Figure 1.

(A) Cell lysates (10 μg) obtained from 1321N1 HA Tag-GPR17 cells (white bars) or primary OPCs (black bars) were captured on wells pre-coated with anti-HA Tag antibody or anti-N terminus-GPR17 antibody, respectively. Different-fold dilutions of a full-length anti-GPR17 antibody were probed in 120 min blocking time. The secondary HRP-conjugated antibody and the TMB substrate kit allowed a colorimetric quantification of signals. Blanks were obtained processing cell lysates in the absence of the primary anti-GPR17 antibody; (B,D) Different amount of cell lysates obtained from 1321N1 HA Tag-GPR17 (B), or 1321N1 wild type cells (D) were captured on wells pre-coated with anti-HA Tag antibody. After extensive washes, levels of GPR17 were quantified using a full-length anti-GPR17 antibody, and subsequently an HRP-conjugated antibody/TMB substrate kit; (C) Different amounts of cell lysates obtained from primary OPCs were captured on wells pre-coated with anti-N terminus-GPR17 antibody.
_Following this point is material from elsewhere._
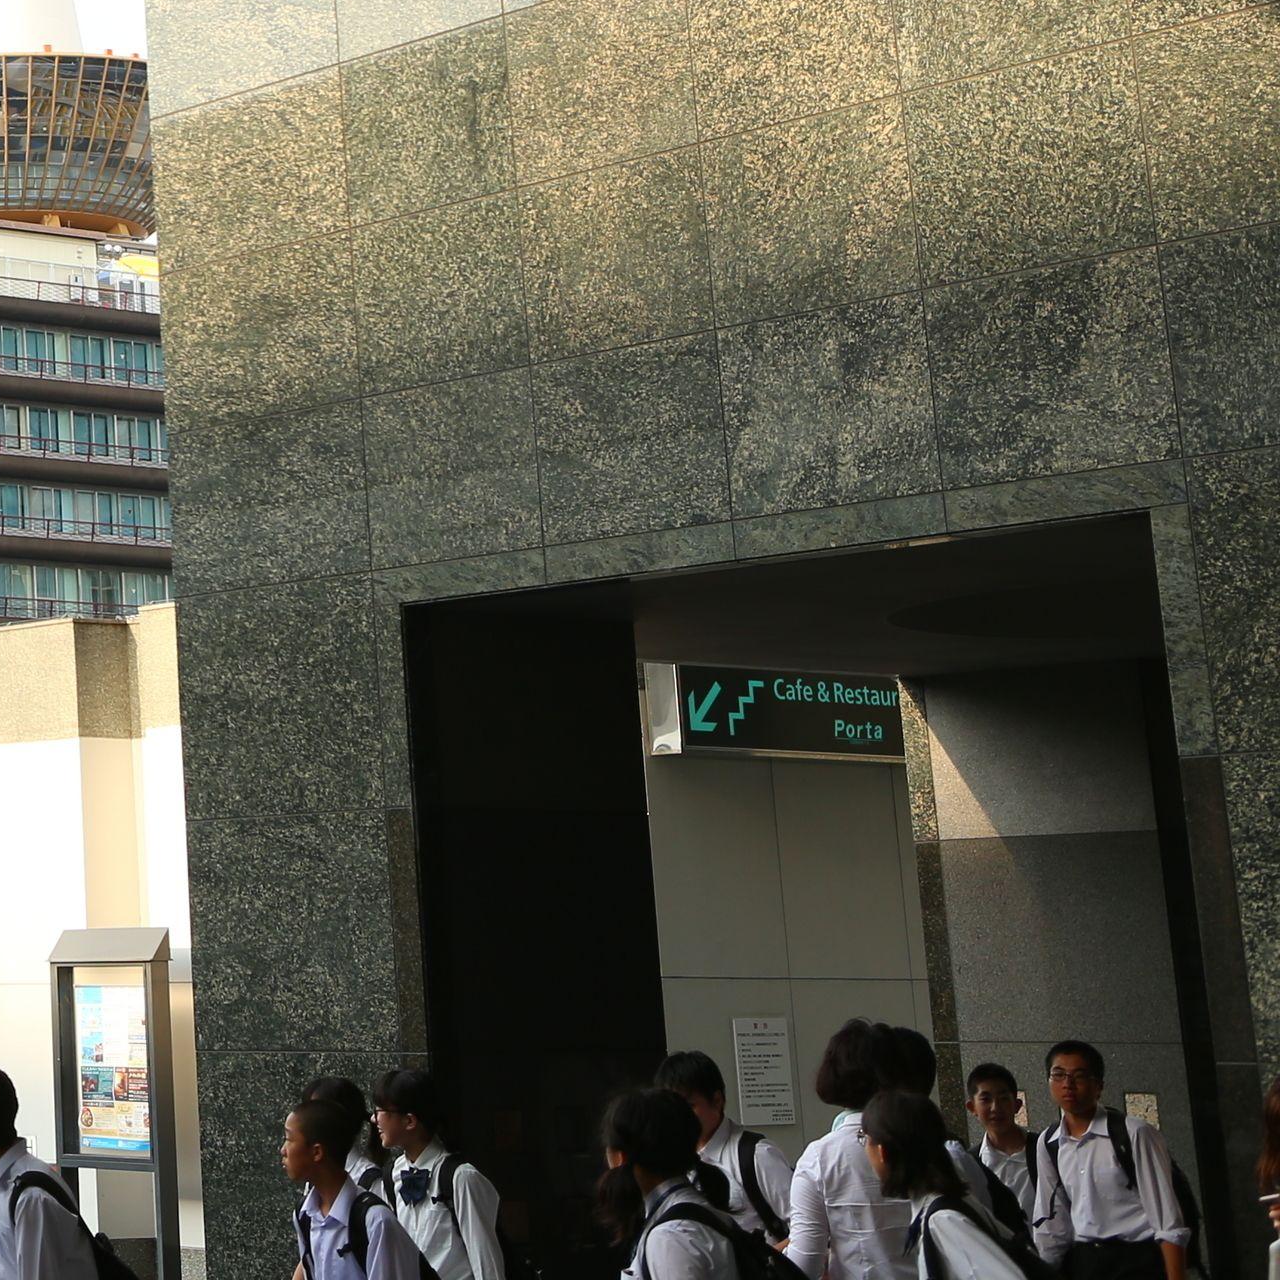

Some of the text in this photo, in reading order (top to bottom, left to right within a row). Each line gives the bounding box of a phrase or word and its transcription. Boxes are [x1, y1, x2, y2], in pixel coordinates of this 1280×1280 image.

[773, 678, 898, 707] Cafe & Restaur
[834, 719, 883, 740] Porta
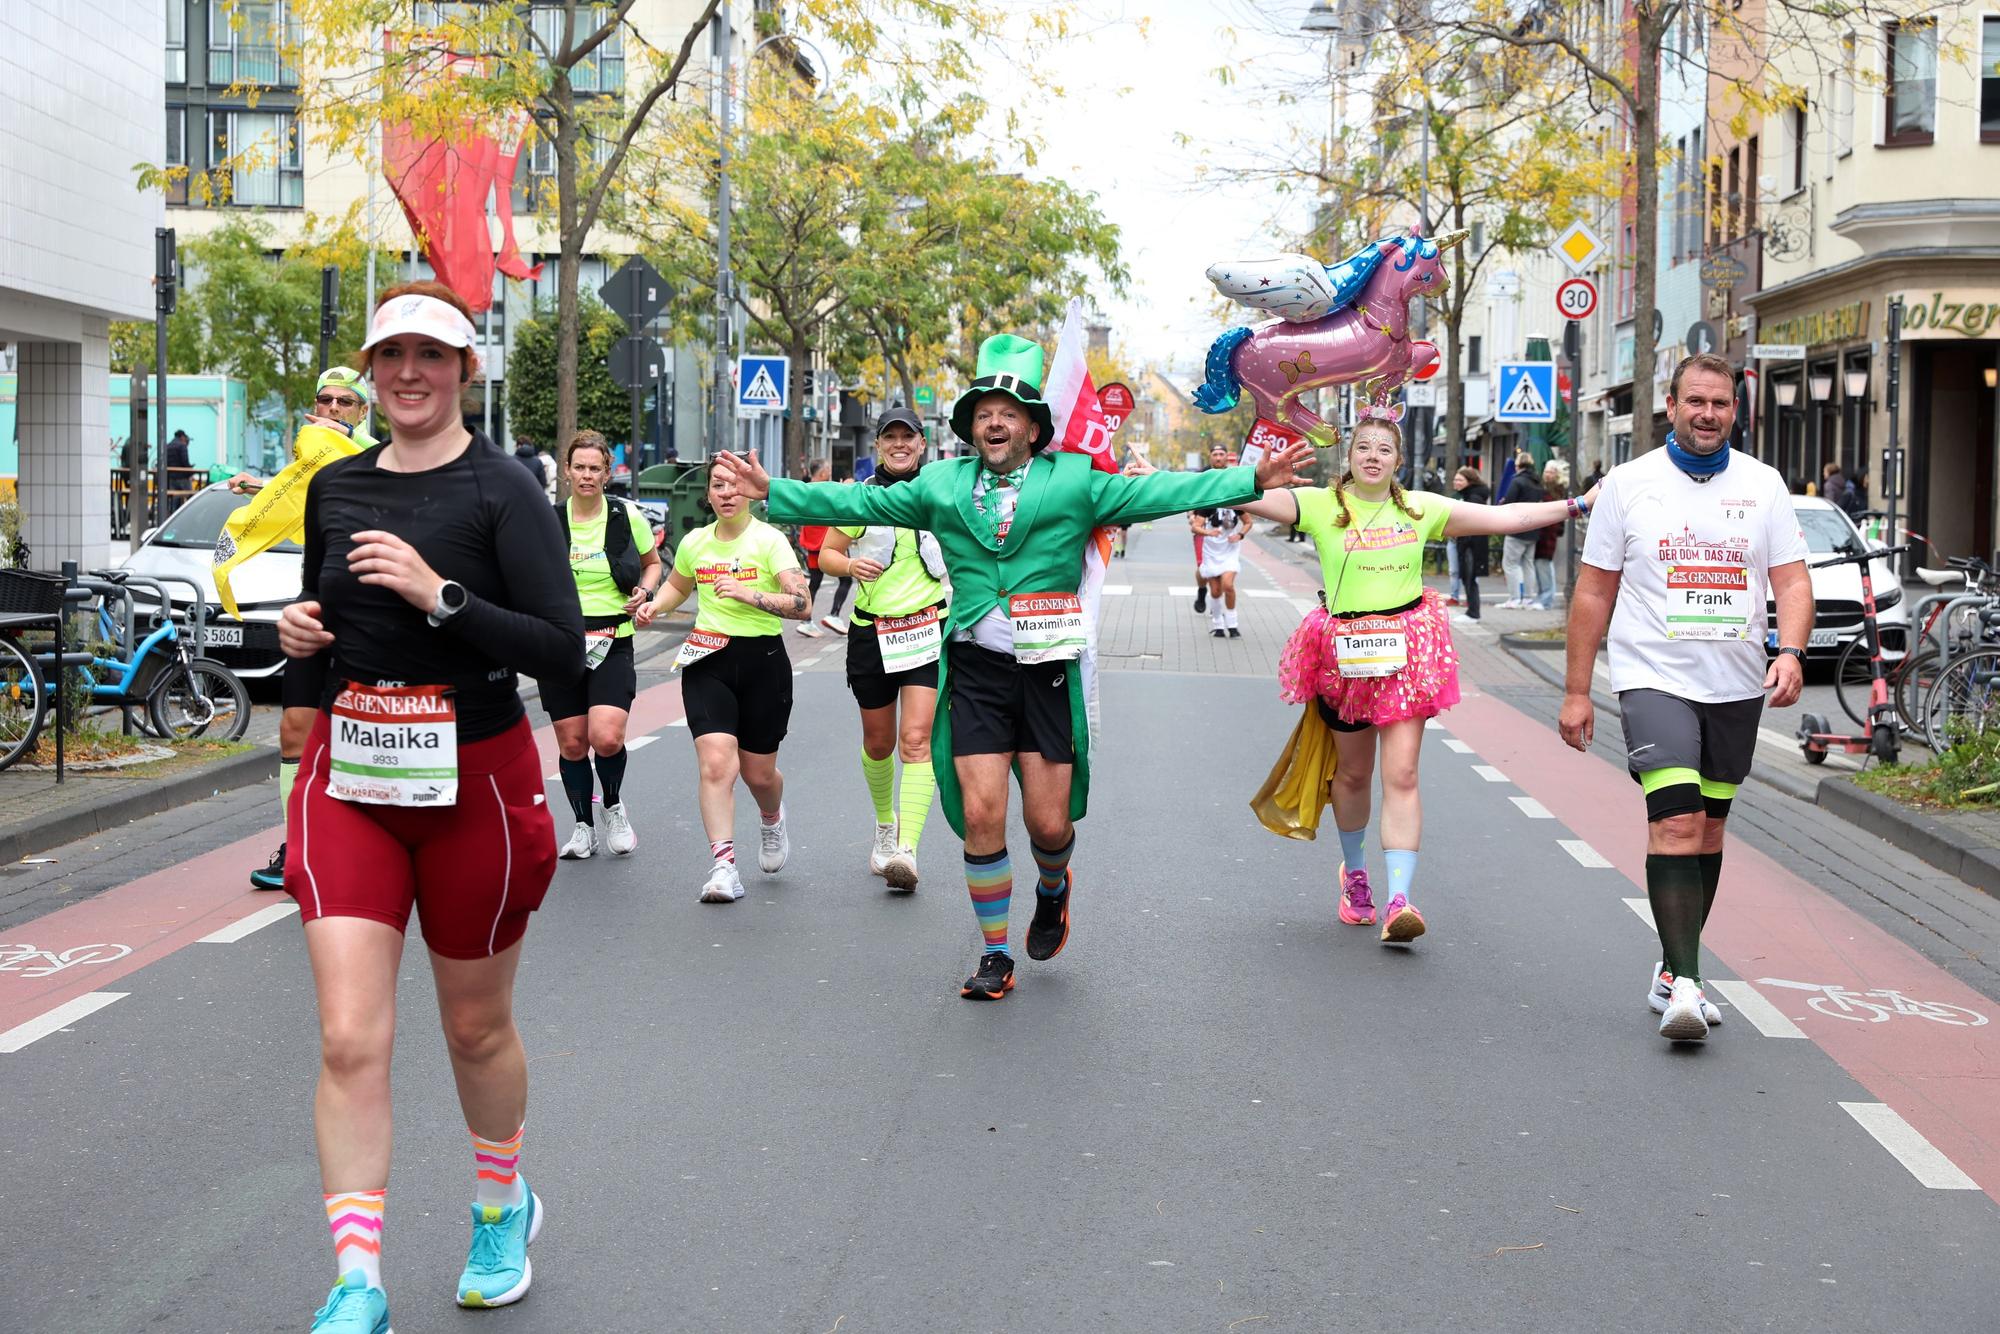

After extensive washes, levels of GPR17 were quantified using a full-length anti-GPR17 antibody, and subsequently an HRP-conjugated antibody/TMB substrate kit. Blank wells were obtained in the absence of the full length anti-GPR17 antibody. Data are expressed as specific absorbance at 450 nm and represent the mean ± SEM of at least three independent experiments.